Es ist ein regelrechter Schlagabtausch, den sich Spaniens sozialistische Regierung und die rechte Opposition in diesen Tagen liefern. Anlass sind die Feierlichkeiten zum Todestag des Diktators Francisco Franco am 20. November 1975.
Ministerpräsident Pedro Sánchez kündigte die Initiative im Dezember an und sagte, sie habe das Ziel, «den grossen Wandel hervorzuheben, der in diesem halben Jahrhundert der Demokratie erreicht wurde». Über 100 Veranstaltungen sind geplant.
Boykott der Opposition
Bei grossen Teilen der Opposition stösst dieses Vorhaben auf wenig Gegenliebe. So will die konservative Volkspartei PP den Auftakt der Feierlichkeiten boykottieren. Ihr Vorsitzender Alberto Núñez Feijóo findet, dass diese Gedenkfeiern nur dazu dienen, die öffentliche Aufmerksamkeit von den Rückschlägen von Pedro Sánchez abzulenken.
Die Regierung blickt in ihrer Verzweiflung ständig in die Vergangenheit. [...] Damit langweilen sie uns!
Dieses Programm komme von einer Regierung, «die in ihrer Verzweiflung ständig in die Vergangenheit blickt», prangerte Feijóo an. «Damit langweilen sie uns! Wir arbeiten mit den Spaniern von heute für die Spanier von morgen».
Mit der «Verzweiflung» spielt der PP-Vorsitzende auf die Korruptionsprozesse an, in die Personen aus dem Umfeld von Pedro Sánchez verwickelt sind. Es geht ihm dabei aber auch um die heikle politische Situation im Parlament, wo Sanchez keine Mehrheit hat.
Wie die PP bleibt auch die rechtsextreme Vox-Partei der Eröffnungszeremonie fern.
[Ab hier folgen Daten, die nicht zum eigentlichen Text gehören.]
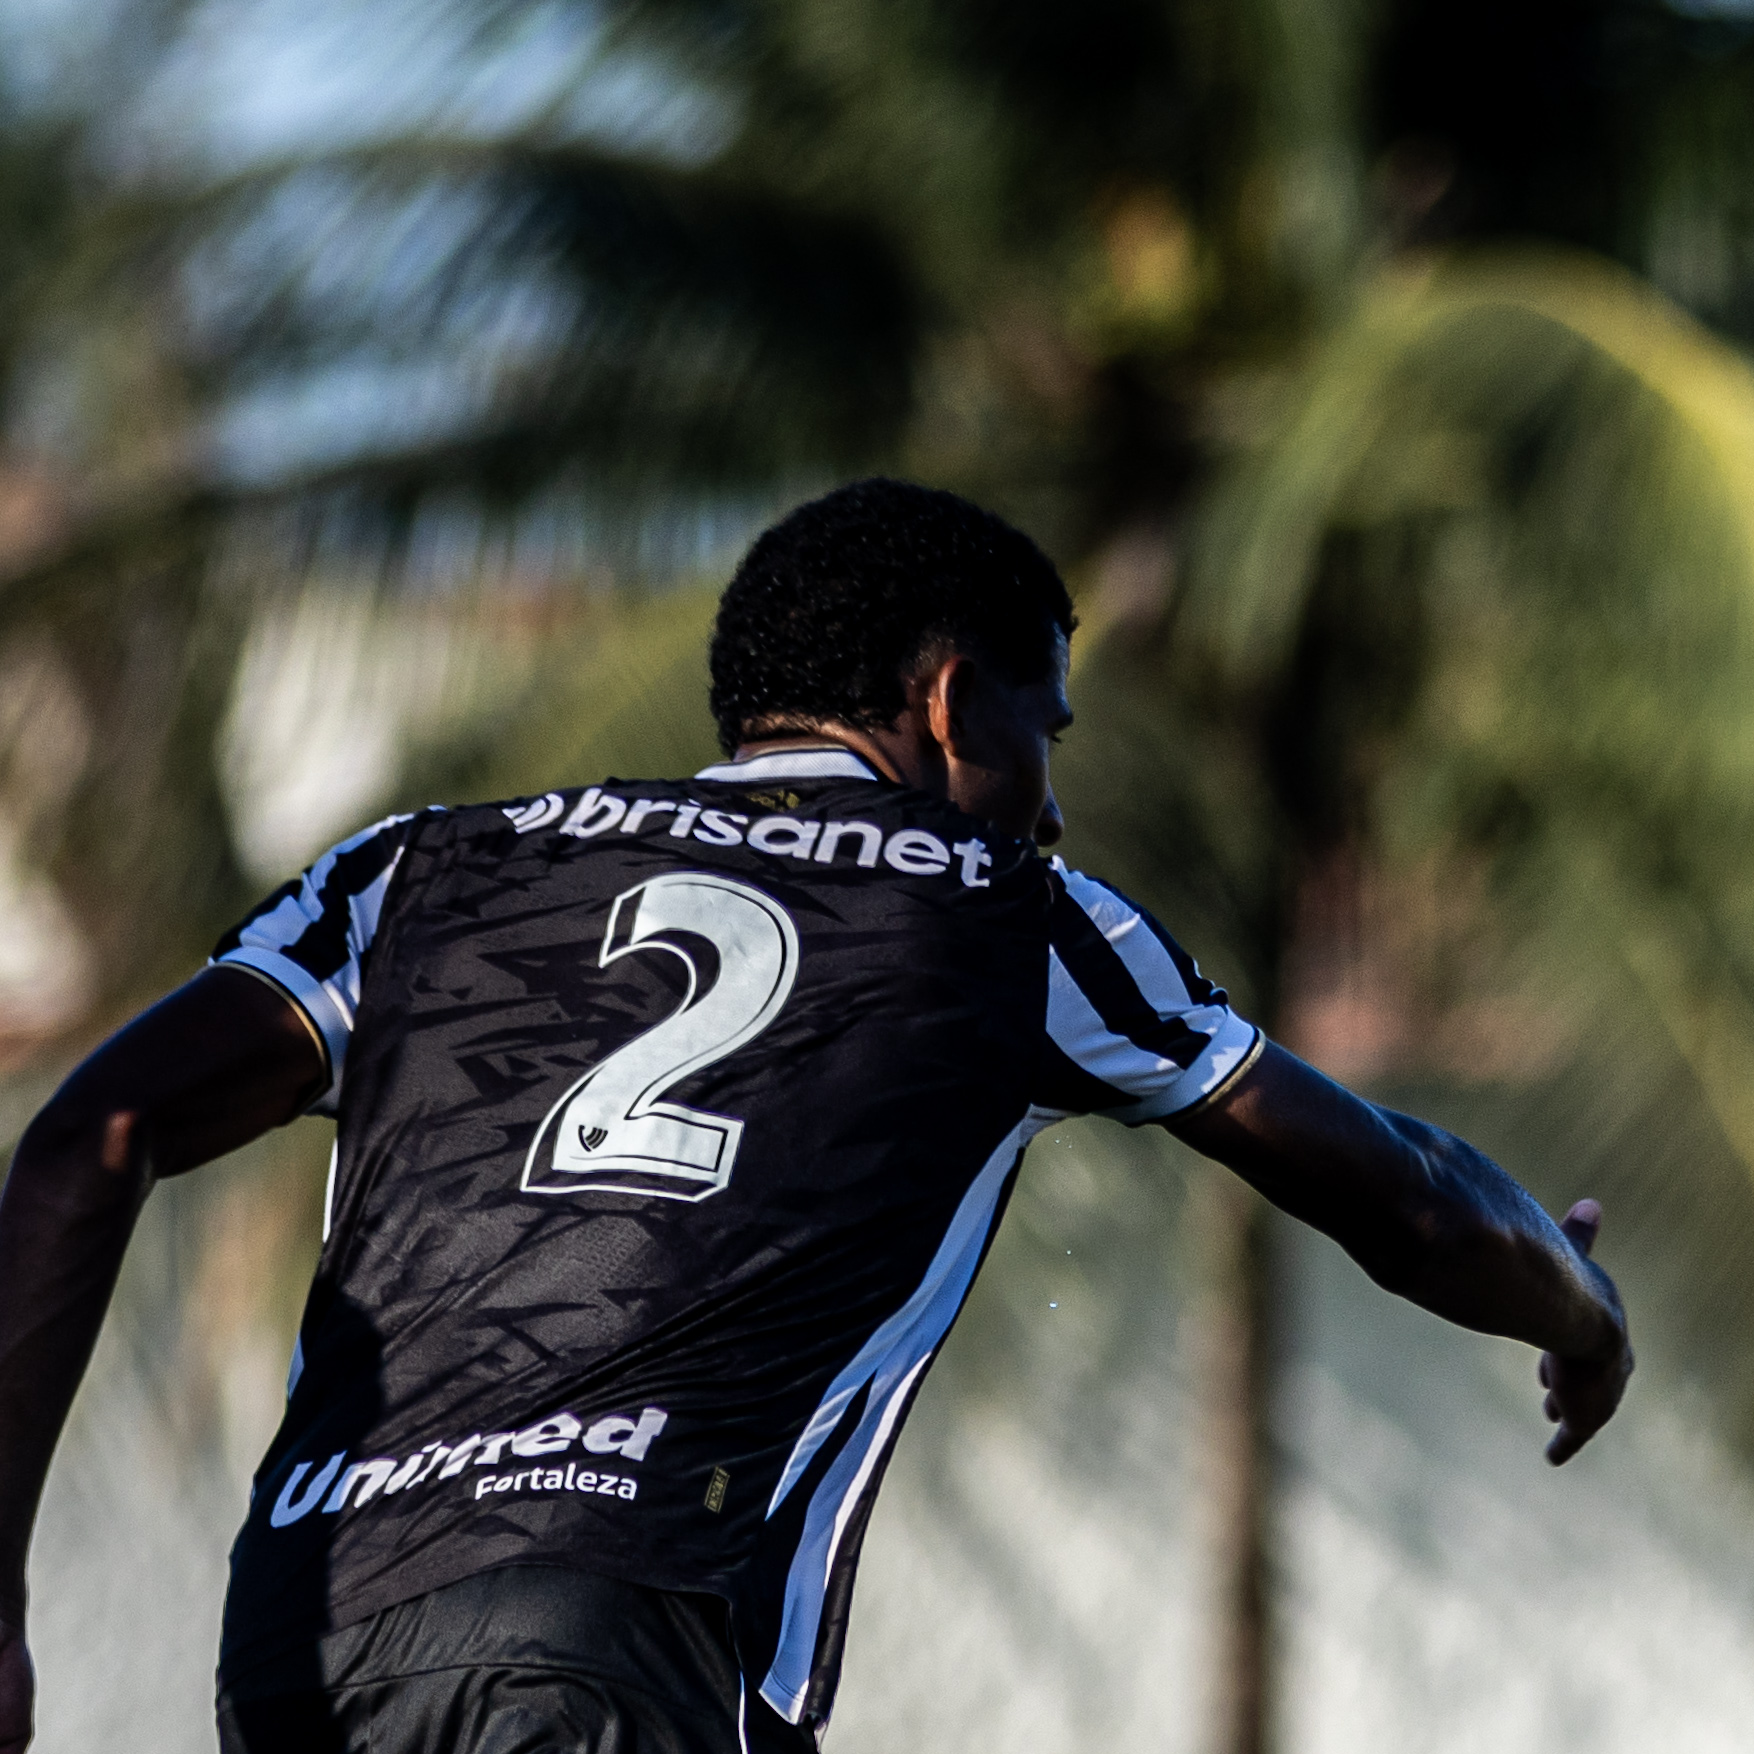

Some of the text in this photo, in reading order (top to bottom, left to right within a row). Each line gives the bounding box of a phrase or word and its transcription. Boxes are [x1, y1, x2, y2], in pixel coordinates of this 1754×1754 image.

[558, 788, 993, 887] brisanet
[519, 871, 800, 1202] 2
[474, 1463, 639, 1501] Fortaleza
Ebenso wird Spaniens König Felipe VI. nicht daran teilnehmen – eine umstrittene Abwesenheit.
Wenn die Tatsache, Demokratie und Freiheit zu feiern, irgendjemanden langweilt, dann ist das besorgniserregend
Die Sozialisten ihrerseits erklären diese Reaktion der Opposition mit den Ursprüngen der PP, die auf eine Partei zurückgehen, die 1976 von einem ehemaligen Franco-Minister gegründet wurde. «Wenn die Tatsache, Demokratie und Freiheit zu feiern, jemanden langweilt, dann ist das gelinde gesagt besorgniserregend», entgegnete die Regierungssprecherin und Ministerin für Bildung und Sport, Pilar Alegría.
Kritik auch von links
Harsche Worte zur Initiative von Pedro Sánchez kommen ebenso von der äussersten Linken. Sie sieht es als «Täuschung» an, die Tatsache zu verschleiern, dass Spanien ihrer Meinung nach nicht viel in Bezug auf Reparationen für die Opfer der Diktatur getan hat.
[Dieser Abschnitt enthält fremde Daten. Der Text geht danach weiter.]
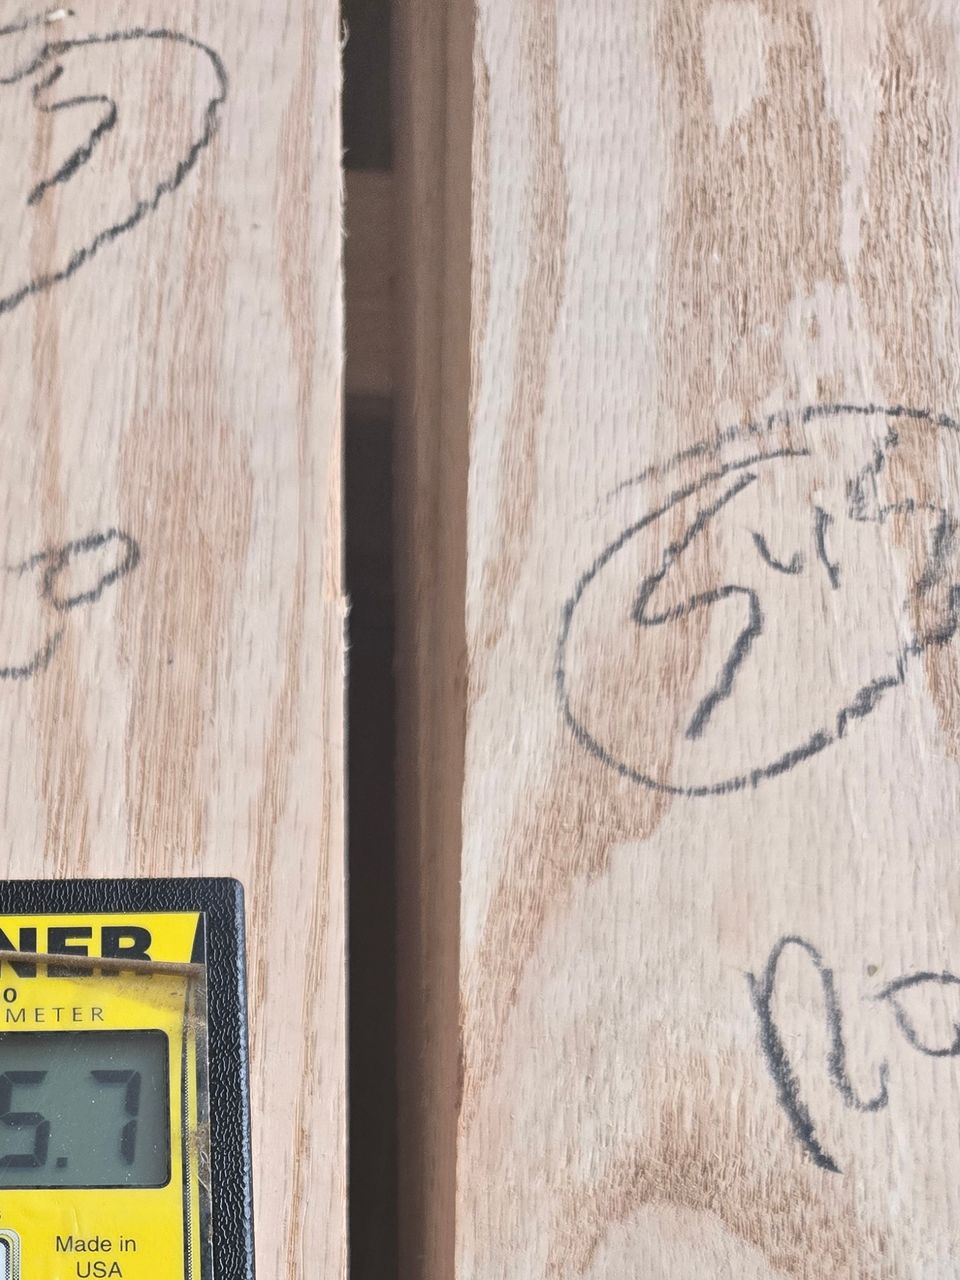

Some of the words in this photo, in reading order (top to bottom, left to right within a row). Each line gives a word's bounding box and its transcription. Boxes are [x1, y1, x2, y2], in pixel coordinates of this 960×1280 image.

[5, 1006, 105, 1023] METER
[56, 1235, 111, 1253] Made
[119, 1235, 137, 1252] in
[76, 1260, 123, 1279] USA
Im Jahr 2022 verabschiedete der Premierminister ein «Gesetz des demokratischen Gedenkens», das die Einrichtung eines Registers der Opfer des Franquismus und die Entfernung von Symbolen der Diktatur vorsieht. Doch wegen eines Amnestiegesetzes konnten die Täter nicht vor Gericht gestellt werden.
Spanische Diktatur endete anders als andere
Für Joan María Thomàs, Professor für Zeitgeschichte an der katalanischen Universität Rovira i Virgili und Spezialist für Franquismus, hat die Spaltung damit zu tun, dass das Ende der Diktatur in Spanien nicht «brutal war, wie das der portugiesischen, deutschen oder italienischen Diktaturen».
«Es gab ein sehr gutes Abkommen, in dem man jedoch nach vorn blicken wollte, ohne sich mit den Ungerechtigkeiten der Vergangenheit aufzuhalten», sagt Thomàs. Seiner Meinung nach ist die Erinnerung an Francos Tod eine «positive» Sache, da die spanische Bevölkerung «sich nicht vollständig darüber im Klaren ist, wie wichtig es ist, ein demokratisches Regime wiedererlangt zu haben [...] und es konsolidieren zu können.»